# What is needed
Repeat every line of the material that follows, word for word.

# Data records
──────────────────────────────
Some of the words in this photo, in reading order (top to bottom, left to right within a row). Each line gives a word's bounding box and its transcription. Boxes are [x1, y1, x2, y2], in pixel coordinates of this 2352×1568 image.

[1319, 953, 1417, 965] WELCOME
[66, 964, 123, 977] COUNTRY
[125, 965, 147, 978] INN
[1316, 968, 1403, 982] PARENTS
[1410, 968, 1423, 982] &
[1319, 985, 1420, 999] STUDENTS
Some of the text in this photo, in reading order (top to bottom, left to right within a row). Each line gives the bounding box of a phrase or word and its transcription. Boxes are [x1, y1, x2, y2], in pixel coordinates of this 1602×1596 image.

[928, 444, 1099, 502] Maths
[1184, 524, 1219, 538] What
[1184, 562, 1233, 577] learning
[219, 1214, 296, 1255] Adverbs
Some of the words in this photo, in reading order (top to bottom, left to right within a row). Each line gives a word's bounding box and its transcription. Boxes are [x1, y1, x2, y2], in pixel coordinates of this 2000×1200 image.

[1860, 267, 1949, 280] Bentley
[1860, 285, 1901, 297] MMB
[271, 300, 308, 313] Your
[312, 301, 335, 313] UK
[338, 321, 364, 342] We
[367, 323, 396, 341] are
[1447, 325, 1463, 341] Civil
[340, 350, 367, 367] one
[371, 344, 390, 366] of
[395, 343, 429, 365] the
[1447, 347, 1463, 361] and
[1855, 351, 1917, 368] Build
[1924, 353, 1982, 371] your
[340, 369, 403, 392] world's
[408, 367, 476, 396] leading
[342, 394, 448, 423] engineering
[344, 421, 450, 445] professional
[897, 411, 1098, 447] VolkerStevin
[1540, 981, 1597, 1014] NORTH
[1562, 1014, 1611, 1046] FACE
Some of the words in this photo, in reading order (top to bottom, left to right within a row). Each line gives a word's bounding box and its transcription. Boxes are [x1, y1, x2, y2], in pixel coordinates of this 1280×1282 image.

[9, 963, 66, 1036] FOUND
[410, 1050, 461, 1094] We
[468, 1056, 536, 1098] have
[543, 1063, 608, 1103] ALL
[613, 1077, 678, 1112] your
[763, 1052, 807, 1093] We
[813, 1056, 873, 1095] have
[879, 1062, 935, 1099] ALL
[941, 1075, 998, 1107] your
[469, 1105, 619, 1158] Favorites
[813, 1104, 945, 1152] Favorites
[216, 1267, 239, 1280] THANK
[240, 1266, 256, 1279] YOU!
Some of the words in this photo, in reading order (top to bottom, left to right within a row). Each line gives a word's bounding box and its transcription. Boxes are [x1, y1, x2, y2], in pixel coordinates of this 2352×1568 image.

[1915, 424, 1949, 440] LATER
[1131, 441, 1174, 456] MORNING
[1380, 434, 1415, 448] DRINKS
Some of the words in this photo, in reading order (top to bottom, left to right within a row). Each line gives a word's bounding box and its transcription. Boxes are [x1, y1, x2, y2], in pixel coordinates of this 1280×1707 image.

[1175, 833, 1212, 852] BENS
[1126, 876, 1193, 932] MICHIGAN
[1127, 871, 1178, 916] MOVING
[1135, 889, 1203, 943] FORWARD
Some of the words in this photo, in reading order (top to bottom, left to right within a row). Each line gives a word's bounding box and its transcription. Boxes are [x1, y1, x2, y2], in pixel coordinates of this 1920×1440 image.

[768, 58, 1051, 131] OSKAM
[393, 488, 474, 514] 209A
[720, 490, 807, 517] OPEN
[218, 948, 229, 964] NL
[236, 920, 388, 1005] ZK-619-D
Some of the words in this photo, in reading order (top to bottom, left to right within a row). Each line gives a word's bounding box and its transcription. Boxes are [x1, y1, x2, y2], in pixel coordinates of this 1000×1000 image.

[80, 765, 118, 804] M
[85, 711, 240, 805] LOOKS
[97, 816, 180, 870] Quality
──────────────────────────────
# Task solution
Some of the words in this photo, in reading order (top to bottom, left to right within a row). Each line gives a word's bounding box and its transcription. Boxes are [x1, y1, x2, y2], in pixel coordinates of this 2352×1568 image.

[1319, 953, 1417, 965] WELCOME
[66, 964, 123, 977] COUNTRY
[125, 965, 147, 978] INN
[1316, 968, 1403, 982] PARENTS
[1410, 968, 1423, 982] &
[1319, 985, 1420, 999] STUDENTS
Some of the text in this photo, in reading order (top to bottom, left to right within a row). Each line gives the bounding box of a phrase or word and its transcription. Boxes are [x1, y1, x2, y2], in pixel coordinates of this 1602×1596 image.

[928, 444, 1099, 502] Maths
[1184, 524, 1219, 538] What
[1184, 562, 1233, 577] learning
[219, 1214, 296, 1255] Adverbs
Some of the words in this photo, in reading order (top to bottom, left to right within a row). Each line gives a word's bounding box and its transcription. Boxes are [x1, y1, x2, y2], in pixel coordinates of this 2000×1200 image.

[1860, 267, 1949, 280] Bentley
[1860, 285, 1901, 297] MMB
[271, 300, 308, 313] Your
[312, 301, 335, 313] UK
[338, 321, 364, 342] We
[367, 323, 396, 341] are
[1447, 325, 1463, 341] Civil
[340, 350, 367, 367] one
[371, 344, 390, 366] of
[395, 343, 429, 365] the
[1447, 347, 1463, 361] and
[1855, 351, 1917, 368] Build
[1924, 353, 1982, 371] your
[340, 369, 403, 392] world's
[408, 367, 476, 396] leading
[342, 394, 448, 423] engineering
[344, 421, 450, 445] professional
[897, 411, 1098, 447] VolkerStevin
[1540, 981, 1597, 1014] NORTH
[1562, 1014, 1611, 1046] FACE
Some of the words in this photo, in reading order (top to bottom, left to right within a row). Each line gives a word's bounding box and its transcription. Boxes are [x1, y1, x2, y2], in pixel coordinates of this 1280×1282 image.

[9, 963, 66, 1036] FOUND
[410, 1050, 461, 1094] We
[468, 1056, 536, 1098] have
[543, 1063, 608, 1103] ALL
[613, 1077, 678, 1112] your
[763, 1052, 807, 1093] We
[813, 1056, 873, 1095] have
[879, 1062, 935, 1099] ALL
[941, 1075, 998, 1107] your
[469, 1105, 619, 1158] Favorites
[813, 1104, 945, 1152] Favorites
[216, 1267, 239, 1280] THANK
[240, 1266, 256, 1279] YOU!
Some of the words in this photo, in reading order (top to bottom, left to right within a row). Each line gives a word's bounding box and its transcription. Boxes are [x1, y1, x2, y2], in pixel coordinates of this 2352×1568 image.

[1915, 424, 1949, 440] LATER
[1131, 441, 1174, 456] MORNING
[1380, 434, 1415, 448] DRINKS
Some of the words in this photo, in reading order (top to bottom, left to right within a row). Each line gives a word's bounding box and its transcription. Boxes are [x1, y1, x2, y2], in pixel coordinates of this 1280×1707 image.

[1175, 833, 1212, 852] BENS
[1126, 876, 1193, 932] MICHIGAN
[1127, 871, 1178, 916] MOVING
[1135, 889, 1203, 943] FORWARD
Some of the words in this photo, in reading order (top to bottom, left to right within a row). Each line gives a word's bounding box and its transcription. Boxes are [x1, y1, x2, y2], in pixel coordinates of this 1920×1440 image.

[768, 58, 1051, 131] OSKAM
[393, 488, 474, 514] 209A
[720, 490, 807, 517] OPEN
[218, 948, 229, 964] NL
[236, 920, 388, 1005] ZK-619-D
Some of the words in this photo, in reading order (top to bottom, left to right within a row). Each line gives a word's bounding box and its transcription. Boxes are [x1, y1, x2, y2], in pixel coordinates of this 1000×1000 image.

[80, 765, 118, 804] M
[85, 711, 240, 805] LOOKS
[97, 816, 180, 870] Quality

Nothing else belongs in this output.